The exchange of biological material between the neighbouring cells is essential for homeostasis. In pathological conditions, such as cancer, the major challenge in cancer treatment is the abnormal expression of crucial proteins and miRNA exchanged between the cancer cells through extracellular vesicles called exosomes. Clinically, it has been noticed that the primary tumour and the distal metastases are interconnected and co-dependent. The exosomes are key factors responsible for preparing the pre-metastatic niche and communicating between the tumour and the distal metastatic site.

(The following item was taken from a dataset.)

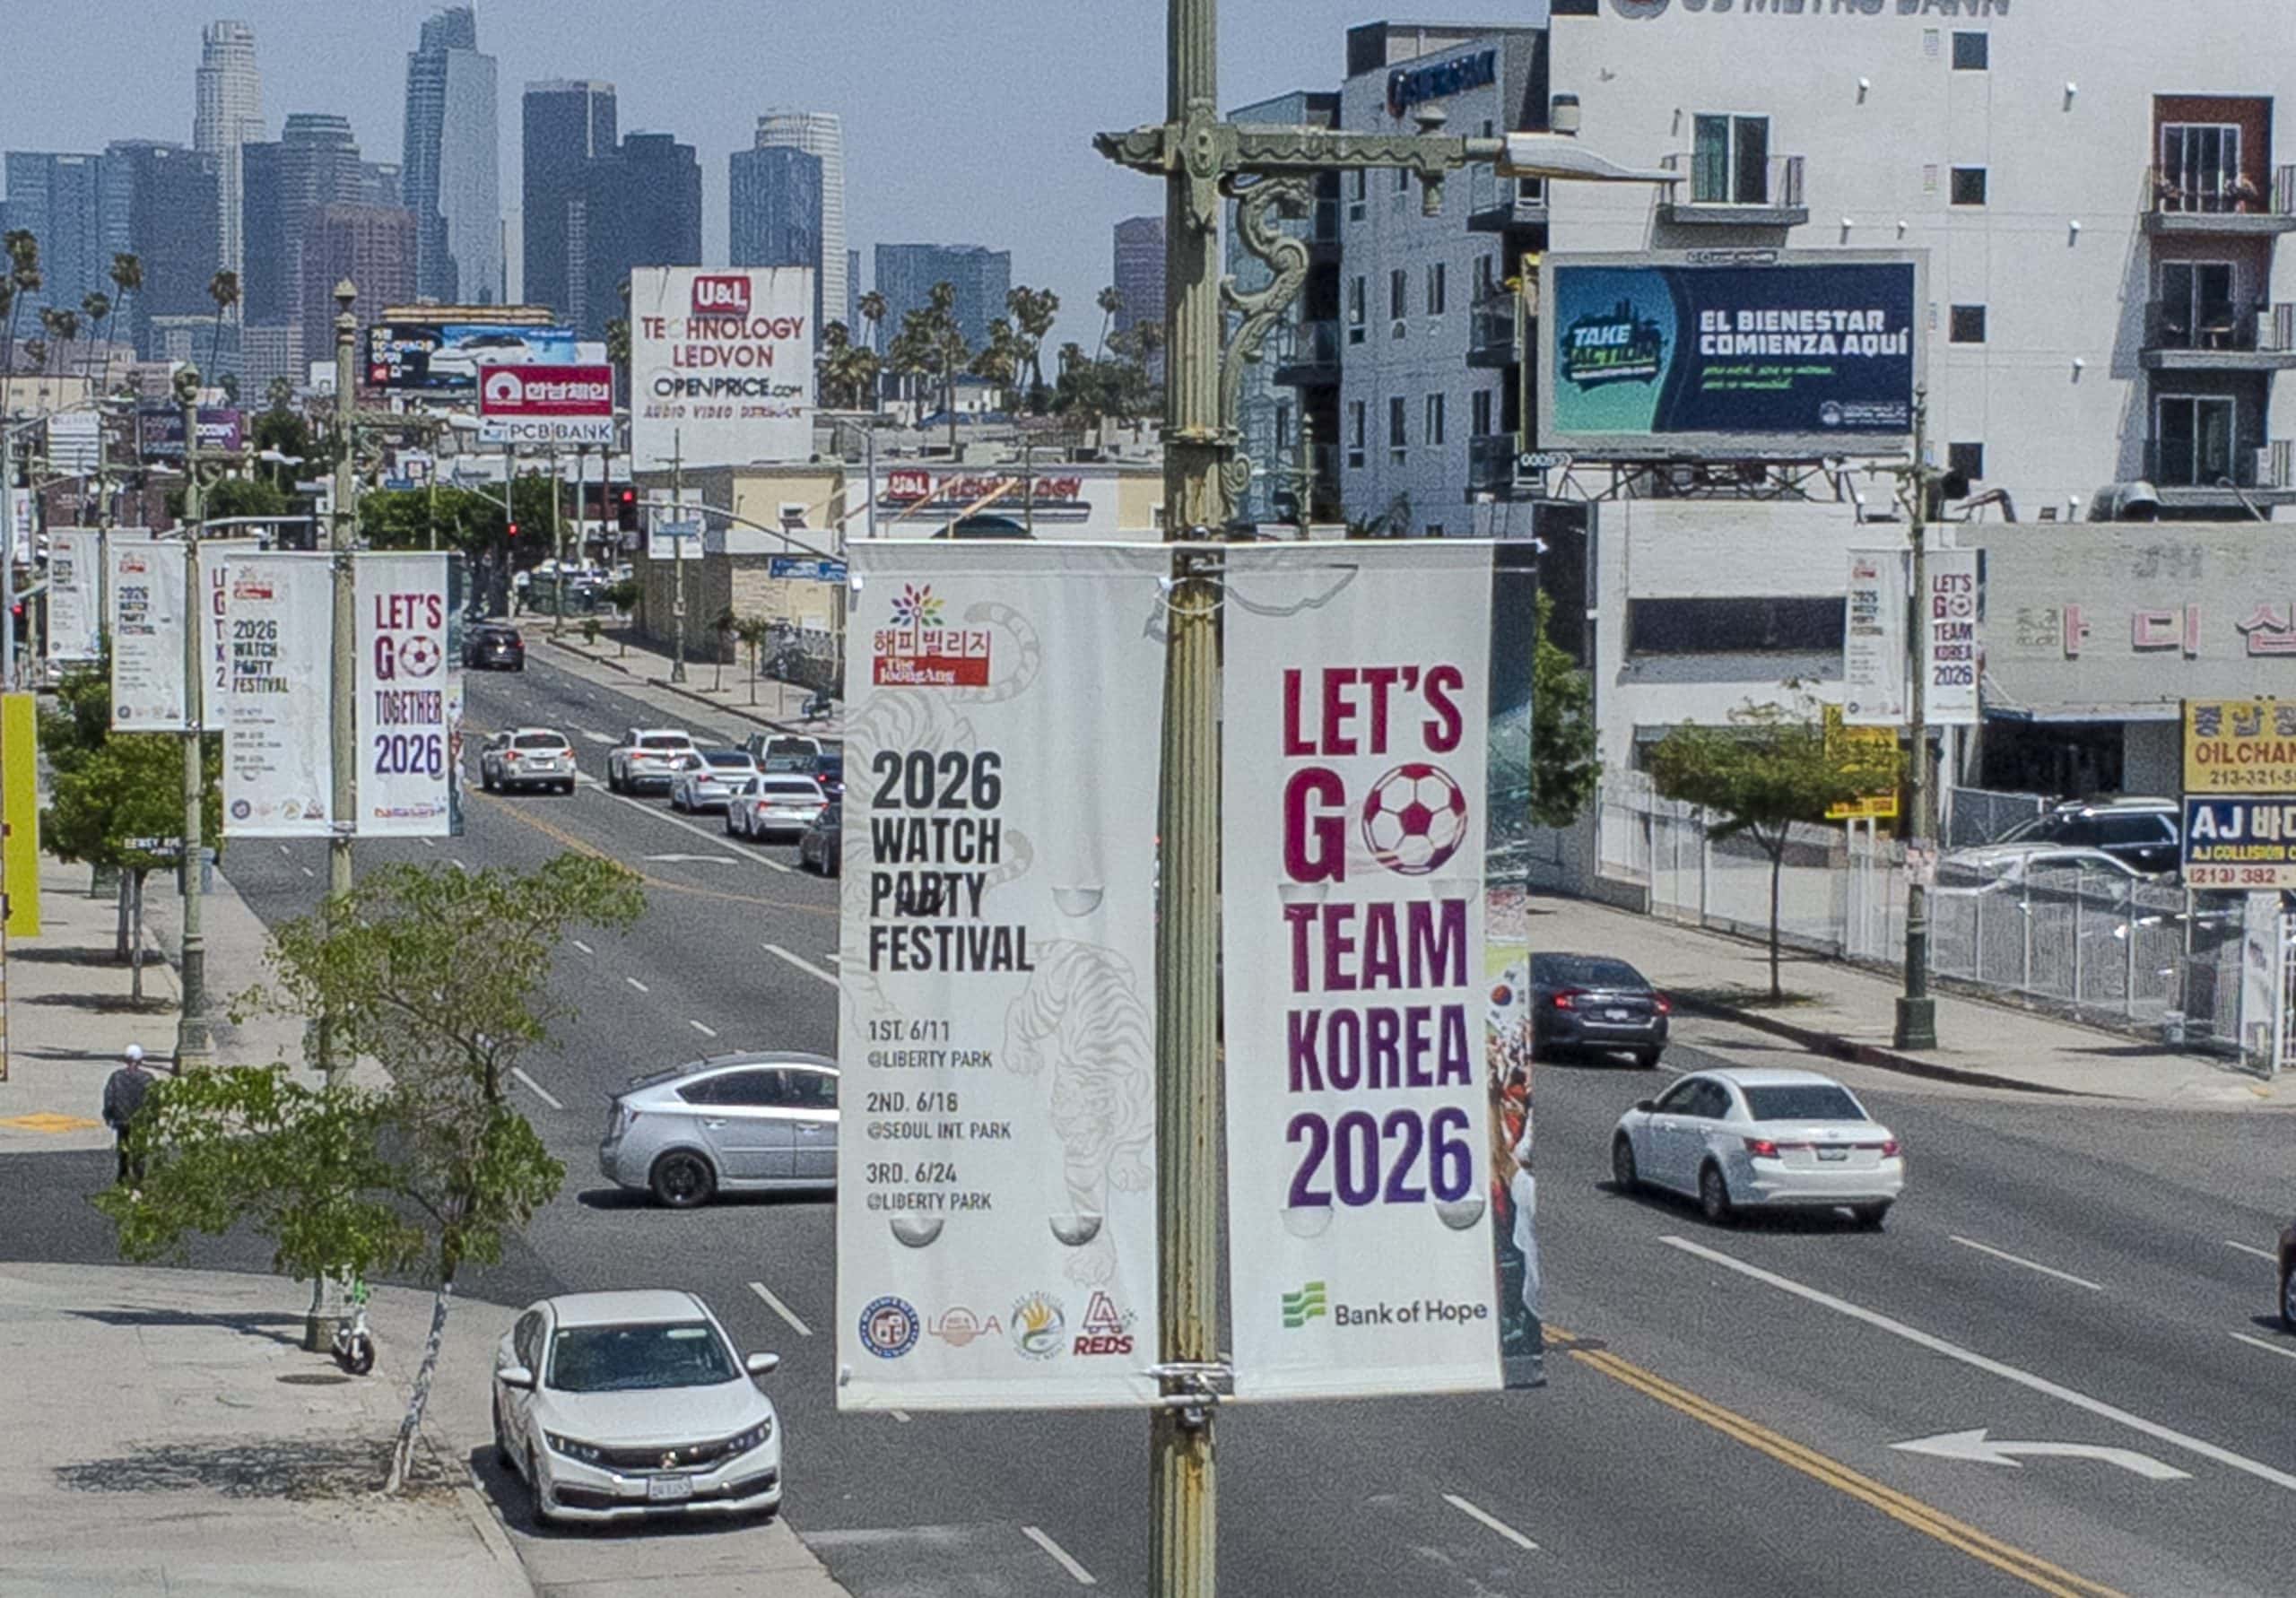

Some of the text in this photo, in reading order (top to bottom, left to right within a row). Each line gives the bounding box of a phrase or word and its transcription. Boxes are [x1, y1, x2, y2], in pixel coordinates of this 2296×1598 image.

Cancer stem cells (CSCs) are a subpopulation of cancer cells with self-renewal characteristics and are shown to be responsible for metastasis. This study aims to understand the effect of metastatic cell line-derived exosomes and their regulation of CSC marker expressions on primary colon cancer cell lines. We have identified that treatment of primary colon cancer cell lines with metastatic colon cancer cell-derived exosomes has significantly increased the proliferation, colony formation, cell migration, and invasion. In addition, there was a significant increase in the number and size of spheroids following the exosomes treatment. We found that this metastatic phenotype is due to the increased expression of CD133 and DCLK1 in primary colon cancer cells.